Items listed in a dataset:
*** Begin section ***

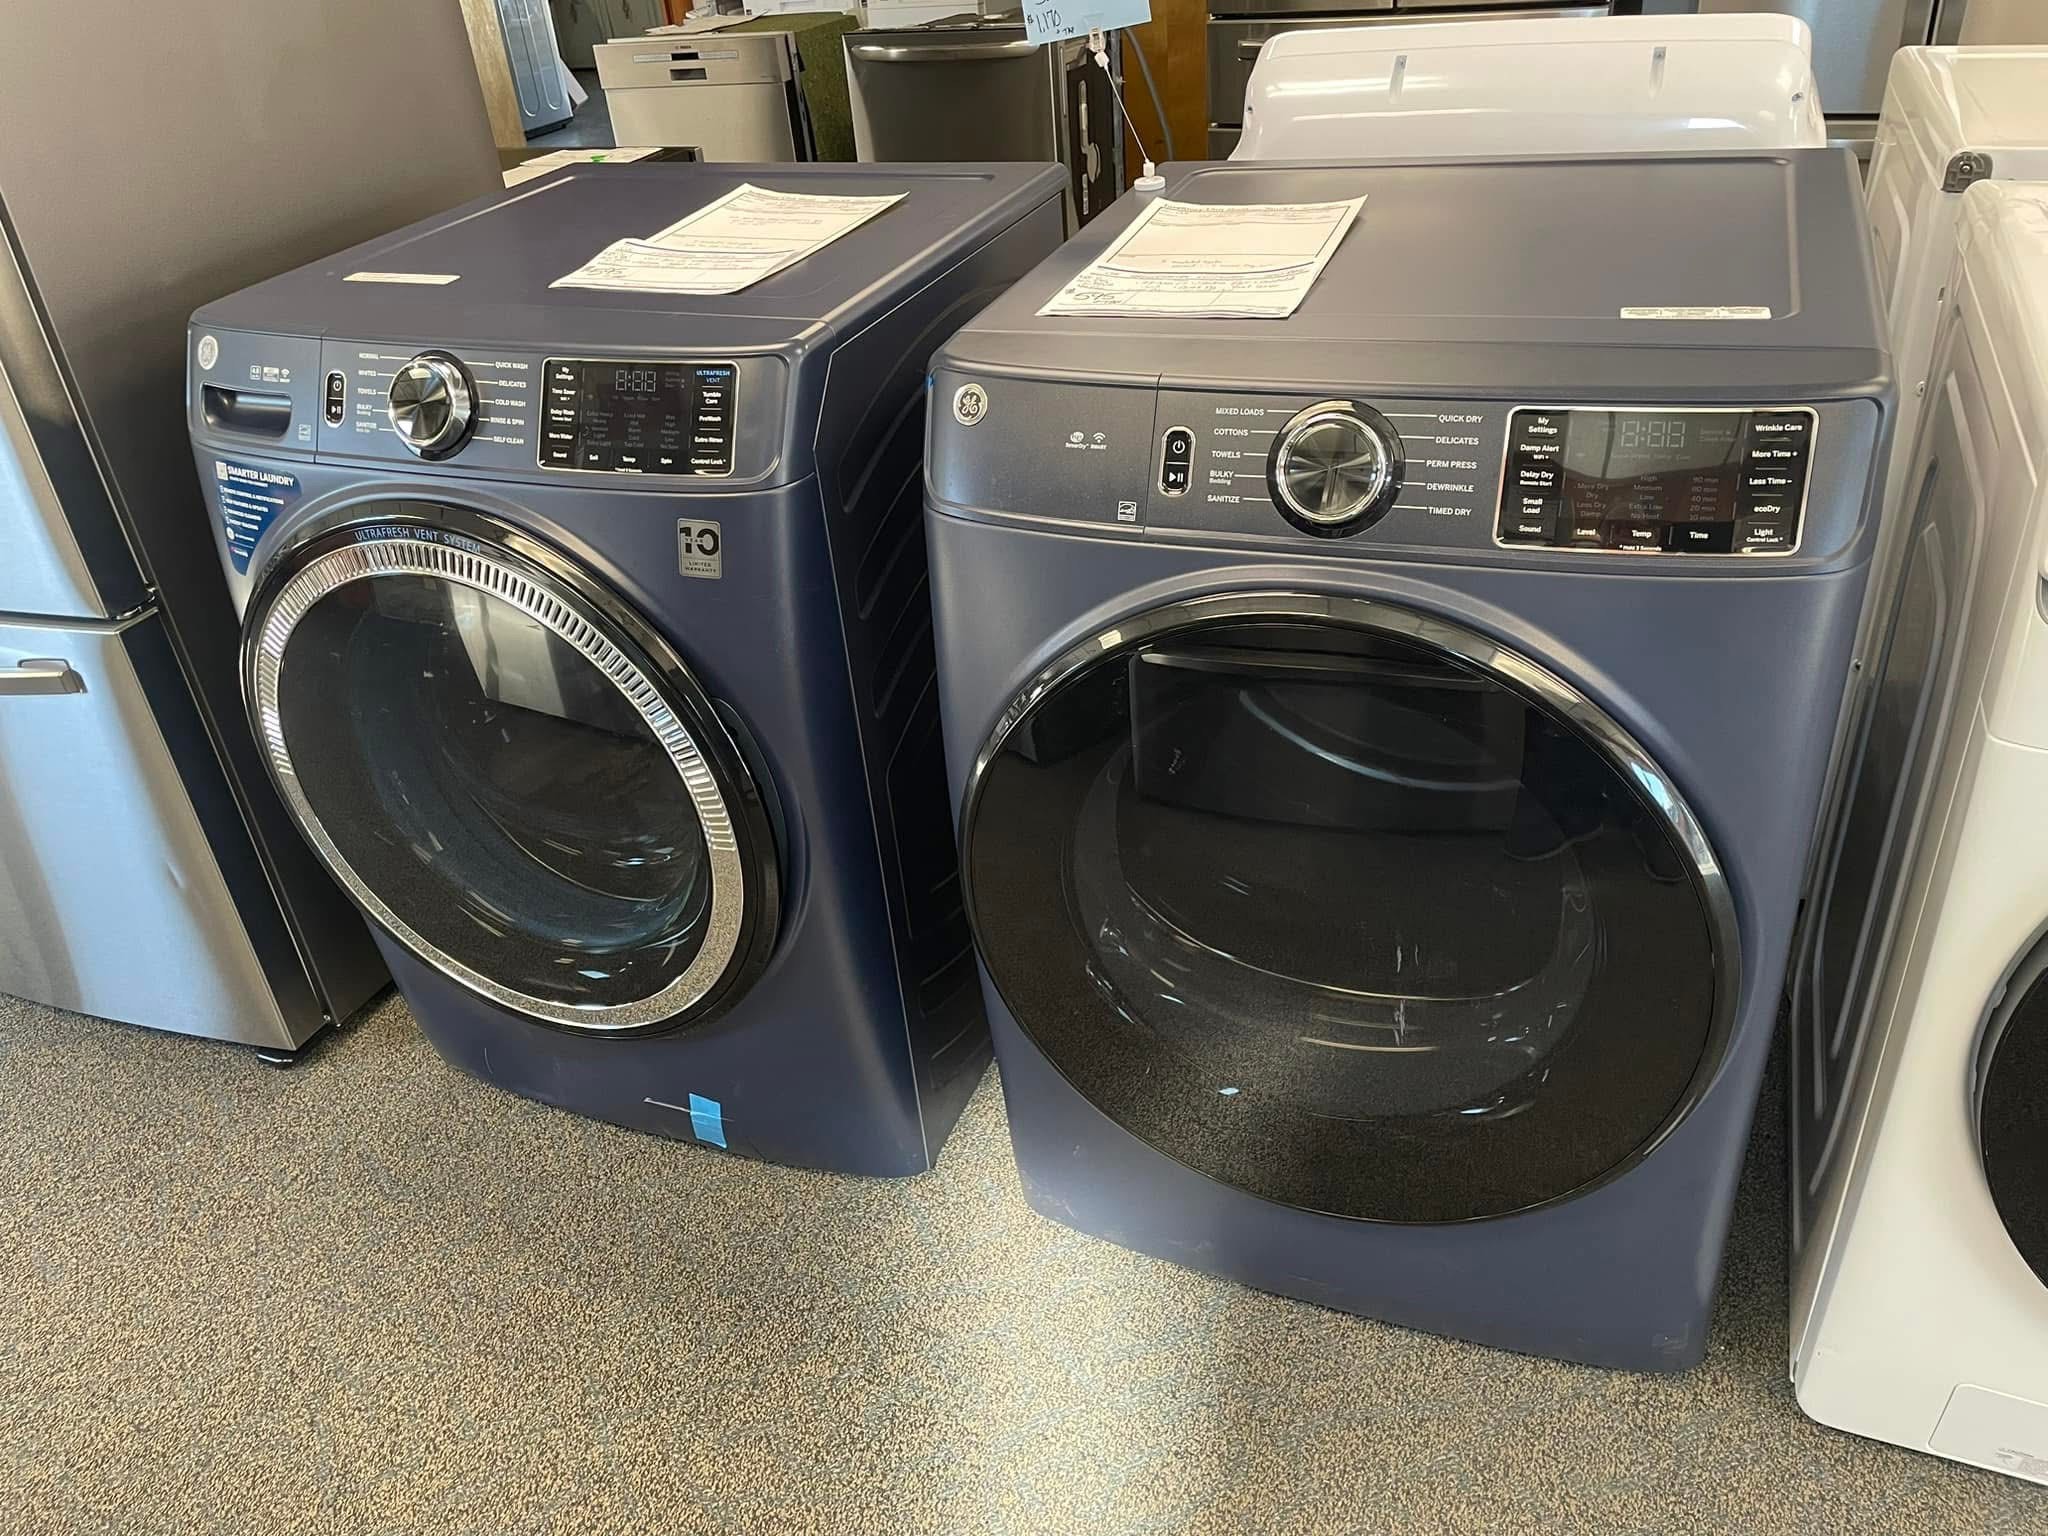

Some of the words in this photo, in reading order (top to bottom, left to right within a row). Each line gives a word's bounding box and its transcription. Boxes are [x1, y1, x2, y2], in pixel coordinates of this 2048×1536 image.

[495, 361, 512, 369] QUICK
[498, 380, 527, 389] DELICATES
[1215, 407, 1239, 415] MIXED
[1240, 408, 1265, 416] LOADS
[1438, 414, 1465, 423] QUICK
[1465, 415, 1484, 423] DRY
[1537, 417, 1549, 426] My
[1213, 428, 1249, 437] COTTONS
[1528, 425, 1558, 435] Settings
[1755, 424, 1783, 432] Wrinkle
[1784, 424, 1803, 432] Care
[1435, 436, 1480, 445] DELICATES
[1520, 444, 1541, 453] Damp
[1541, 444, 1560, 452] Alert
[1211, 450, 1241, 459] TOWELS
[1751, 450, 1772, 458] More
[1772, 450, 1791, 458] Time
[1426, 460, 1449, 468] PERM
[1450, 461, 1478, 469] PRESS
[227, 465, 259, 480] SMARTER
[260, 471, 294, 488] LAUNDRY
[1209, 470, 1234, 478] BULKY
[1520, 470, 1540, 479] Delay
[1540, 470, 1554, 480] Dry
[1767, 477, 1786, 485] Time
[1426, 483, 1475, 493] DEWRINKLE
[1597, 482, 1610, 491] Dry
[1207, 494, 1241, 503] SANITIZE
[1586, 492, 1600, 500] Dry
[1522, 498, 1543, 506] Small
[1576, 501, 1594, 509] Less
[1594, 502, 1607, 510] Dry
[1428, 506, 1454, 515] TIMED
[1454, 507, 1472, 516] DRY
[1522, 506, 1541, 514] Load
[1753, 505, 1781, 514] ecoDry
[1518, 524, 1542, 533] Sound
[1576, 528, 1596, 537] Level
[1754, 528, 1773, 537] Light
[1631, 529, 1652, 538] Temp
[1689, 531, 1709, 539] Time
[354, 527, 410, 541] ULTRAFRESH
[413, 529, 439, 541] VENT
[443, 533, 481, 552] SYSTEM
[680, 526, 719, 556] 10
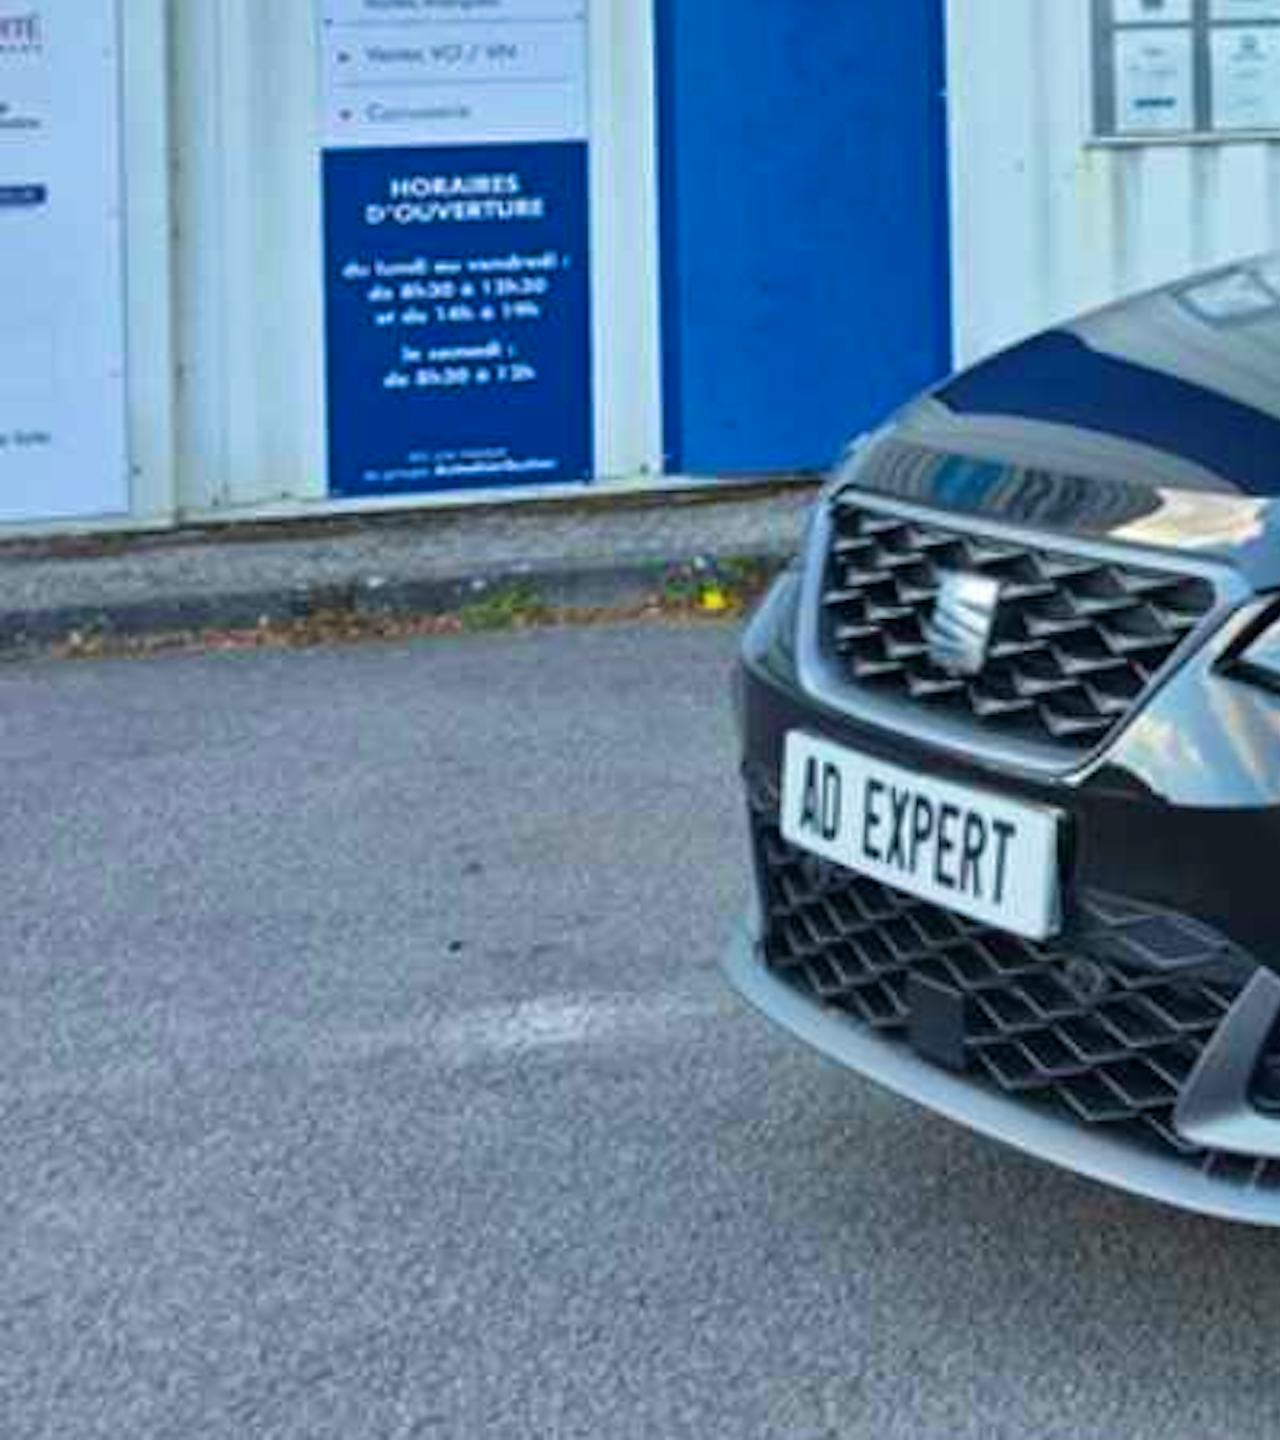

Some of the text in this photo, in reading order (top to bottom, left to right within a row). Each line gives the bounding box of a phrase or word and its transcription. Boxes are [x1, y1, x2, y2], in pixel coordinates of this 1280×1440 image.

[390, 173, 519, 199] HORAIRES
[365, 197, 545, 226] D'OUVERTURE
[800, 754, 1016, 905] AD EXPERT
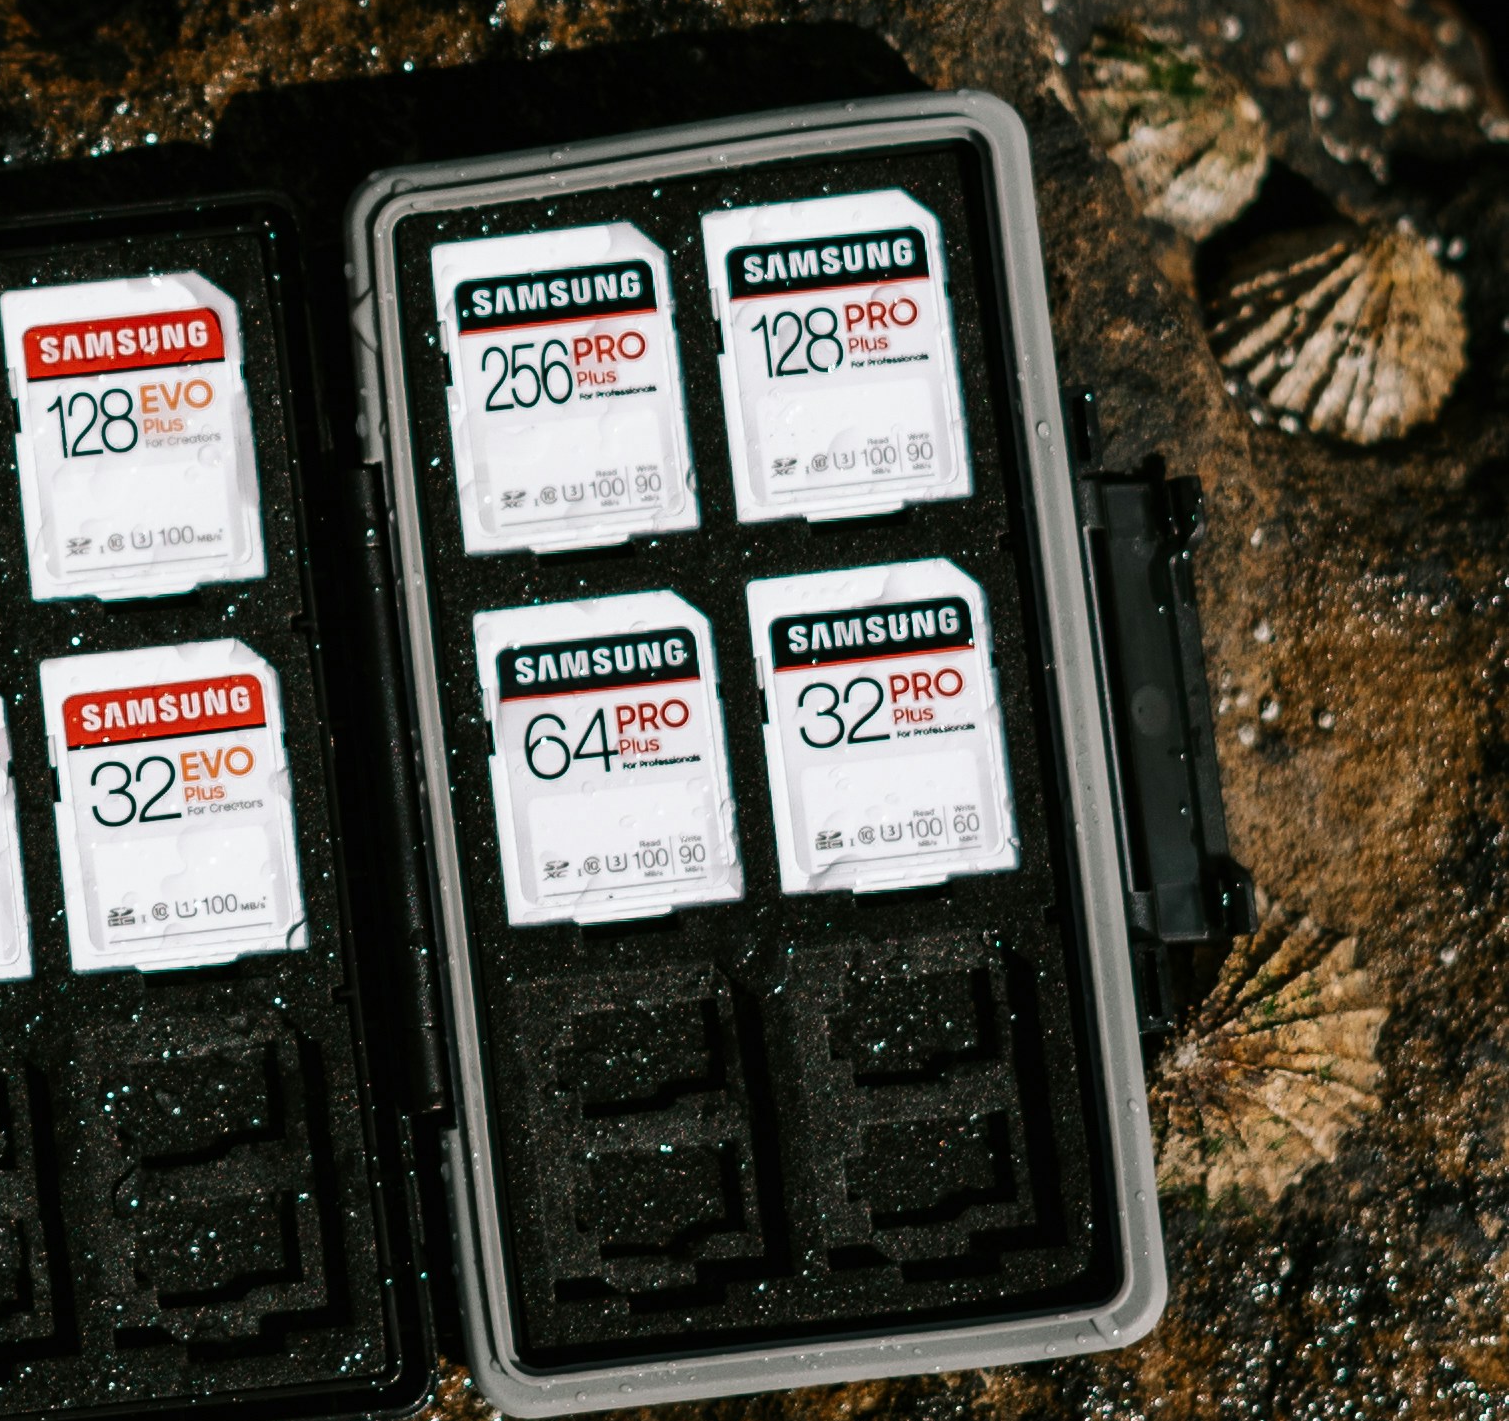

*** End section ***

ABOUT THIS EXERCISE –
The whole of the data needs to be copied word for word, though not its pictures.

YOUR RESPONSE –
Some of the words in this photo, in reading order (top to bottom, left to right within a row). Each line gives a word's bounding box and its transcription. Boxes are [x1, y1, x2, y2], in pixel coordinates of this 2048×1536 image.

[495, 361, 512, 369] QUICK
[498, 380, 527, 389] DELICATES
[1215, 407, 1239, 415] MIXED
[1240, 408, 1265, 416] LOADS
[1438, 414, 1465, 423] QUICK
[1465, 415, 1484, 423] DRY
[1537, 417, 1549, 426] My
[1213, 428, 1249, 437] COTTONS
[1528, 425, 1558, 435] Settings
[1755, 424, 1783, 432] Wrinkle
[1784, 424, 1803, 432] Care
[1435, 436, 1480, 445] DELICATES
[1520, 444, 1541, 453] Damp
[1541, 444, 1560, 452] Alert
[1211, 450, 1241, 459] TOWELS
[1751, 450, 1772, 458] More
[1772, 450, 1791, 458] Time
[1426, 460, 1449, 468] PERM
[1450, 461, 1478, 469] PRESS
[227, 465, 259, 480] SMARTER
[260, 471, 294, 488] LAUNDRY
[1209, 470, 1234, 478] BULKY
[1520, 470, 1540, 479] Delay
[1540, 470, 1554, 480] Dry
[1767, 477, 1786, 485] Time
[1426, 483, 1475, 493] DEWRINKLE
[1597, 482, 1610, 491] Dry
[1207, 494, 1241, 503] SANITIZE
[1586, 492, 1600, 500] Dry
[1522, 498, 1543, 506] Small
[1576, 501, 1594, 509] Less
[1594, 502, 1607, 510] Dry
[1428, 506, 1454, 515] TIMED
[1454, 507, 1472, 516] DRY
[1522, 506, 1541, 514] Load
[1753, 505, 1781, 514] ecoDry
[1518, 524, 1542, 533] Sound
[1576, 528, 1596, 537] Level
[1754, 528, 1773, 537] Light
[1631, 529, 1652, 538] Temp
[1689, 531, 1709, 539] Time
[354, 527, 410, 541] ULTRAFRESH
[413, 529, 439, 541] VENT
[443, 533, 481, 552] SYSTEM
[680, 526, 719, 556] 10

Some of the text in this photo, in reading order (top to bottom, left to right within a row). Each line gives the bounding box of a phrase or word and its transcription. Boxes are [x1, y1, x2, y2], in pixel coordinates of this 1280×1440 image.

[390, 173, 519, 199] HORAIRES
[365, 197, 545, 226] D'OUVERTURE
[800, 754, 1016, 905] AD EXPERT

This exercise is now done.